Project Name: AGHAGHIA
Architecture Firm: VIRAFORM
Firm Location: QOM, ISLAMIC REPUBLIC OF IRAN
Completion Year:2020
Lead Architects: REZA JAFARI
Photo credits: Ali Esmaeili
Clients: Moeid Hoseini
Engineering: Ali Sharif
The concept in this project was to establish more dialogue between inside and outside. The stretched geometry of the site with the turbulent context of the project caused to consider the building as a livable sculpture that appears on an urban edge. So that the volumetric diversity of the windows set to extend the movement in the site and create a various view in its form.
To create a common spatial value between the ground floor and the first commercial floor, as much transparency and harmony as possible with the ground floor was used. In the design of the upper residential floors, an attempt was made to increase the visual diversity of the urban edge, as well as by creating various openings in the facade and suspending it relative to the lower floors. In fact, the project plan was formed a Sculptural presence on a city edge and organized the project openings in a single form. With the sculptural presence, an attempt was made to create an experience of transparency and fluidity inside and outside the building.
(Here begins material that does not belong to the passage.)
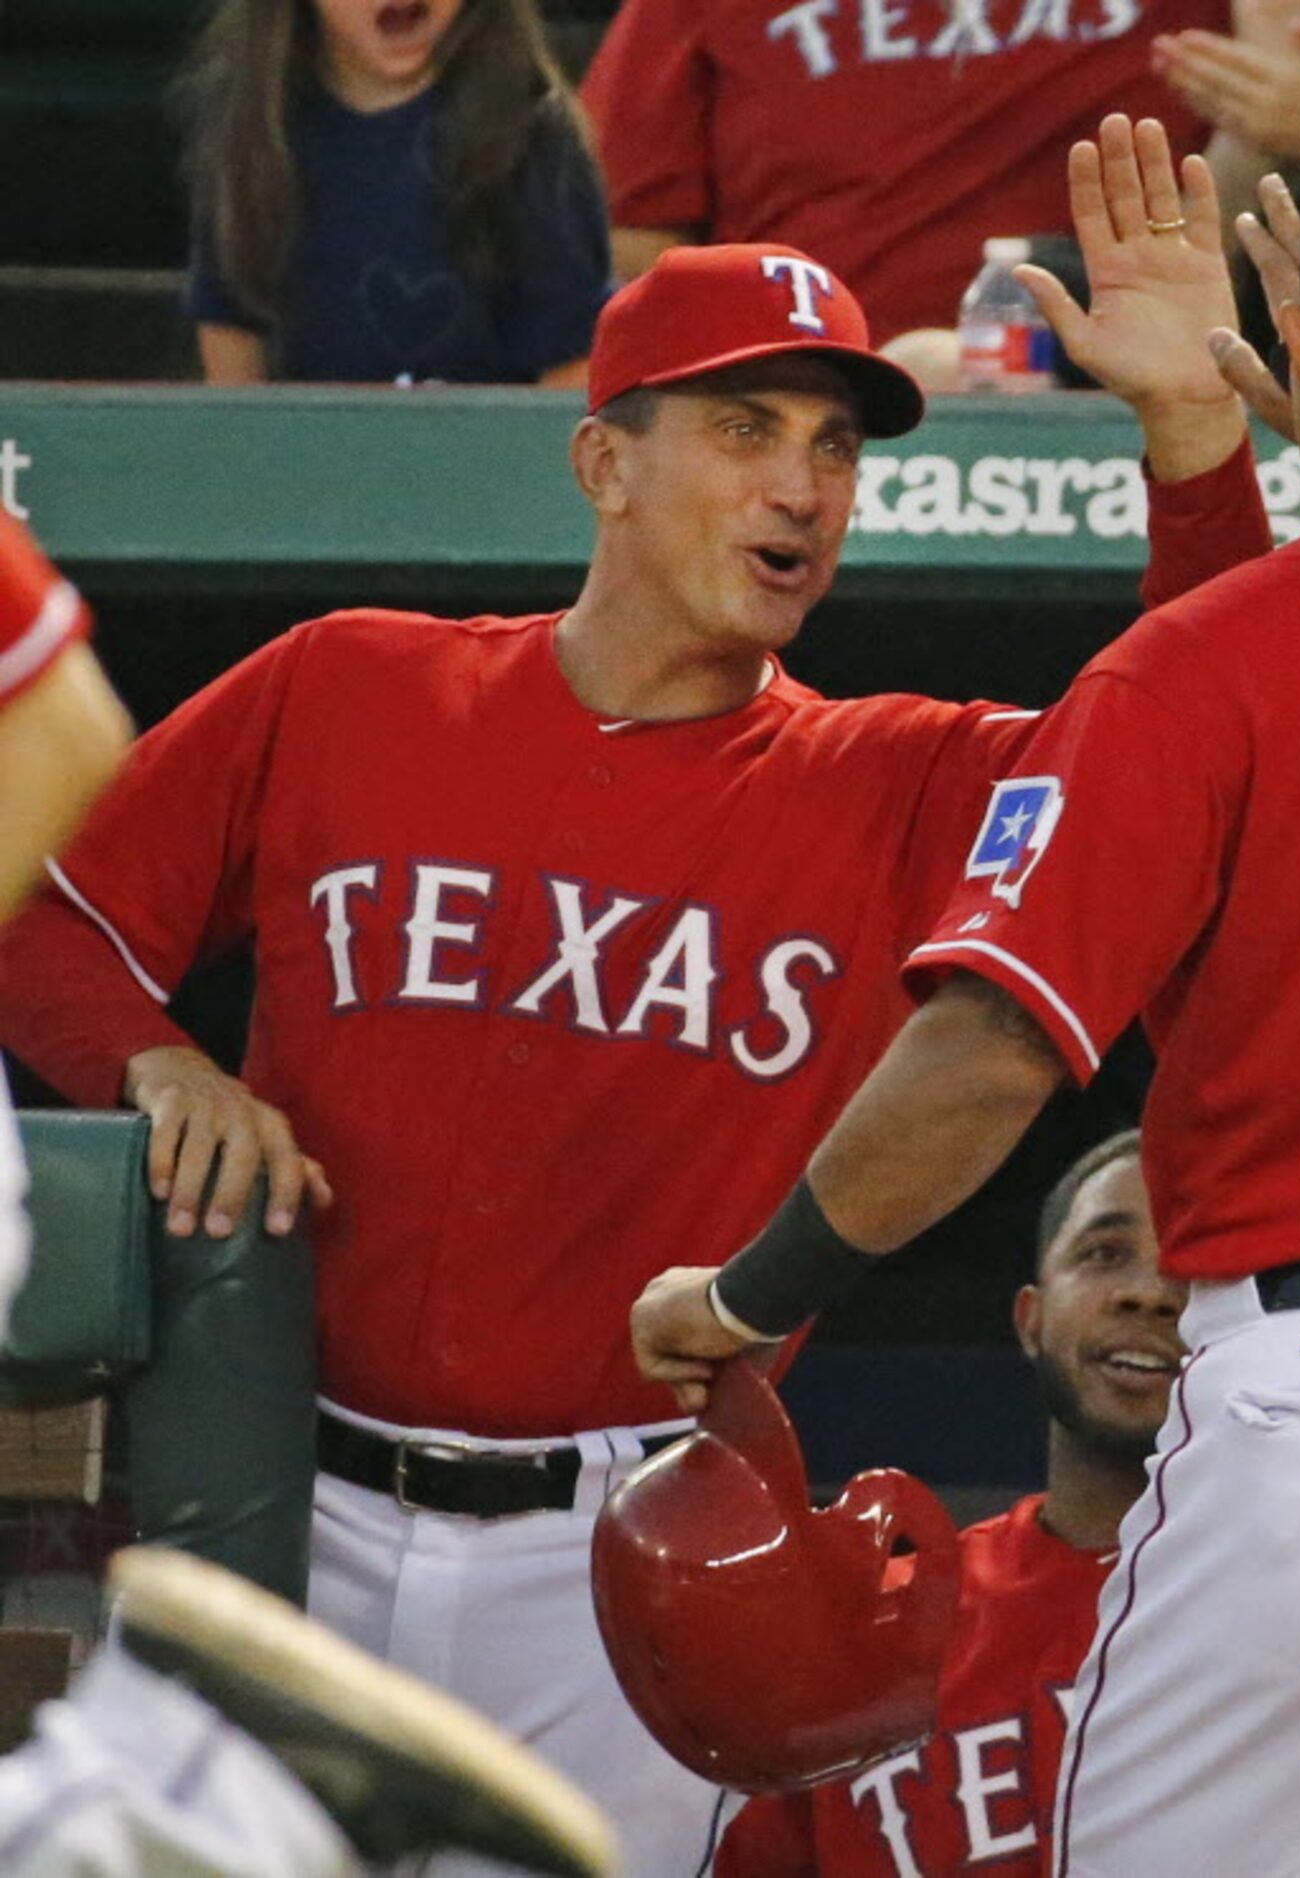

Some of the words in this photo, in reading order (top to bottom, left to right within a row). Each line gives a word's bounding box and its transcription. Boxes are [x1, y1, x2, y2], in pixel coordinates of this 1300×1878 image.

[761, 255, 832, 336] T
[309, 862, 838, 1079] TEXAS
[851, 1685, 1072, 1878] TE
The ground floor and the first floor were dedicated to the jewelry store. the idea of the jewelry store was to create as much transparency as possible to make the jewels shine from outside the building. Bulletproof glass has been used to create security in the jewelry store to achieve maximum transparency in the design. The organization of furniture in the spaces was shaped in such a way as to emphasize the independence of the walls in shaping the walls. With the independence of the walls, there was an opportunity to display a jewelry gallery in the middle of the space.
Due to the limited height of the windows in the urban planning laws of Qom, a double skin facade was considered, which was a space between the two facades for placing pots and plants. The high contrast in the facade was formed in response to the contrasting project plan between the residential and commercial floors. With this contrast, in addition to creating a suspension in the facade, more connection between the commercial part and the land is emphasized and the residential part was more visually departed away from the crowded street.
The choice of facade materials in the combination of brick, stone, and glass was an attempt to test the heaviness versus the lightness, this time, unlike the classical aesthetics, the heaviness on top of the glass led to a sense of visual suspension.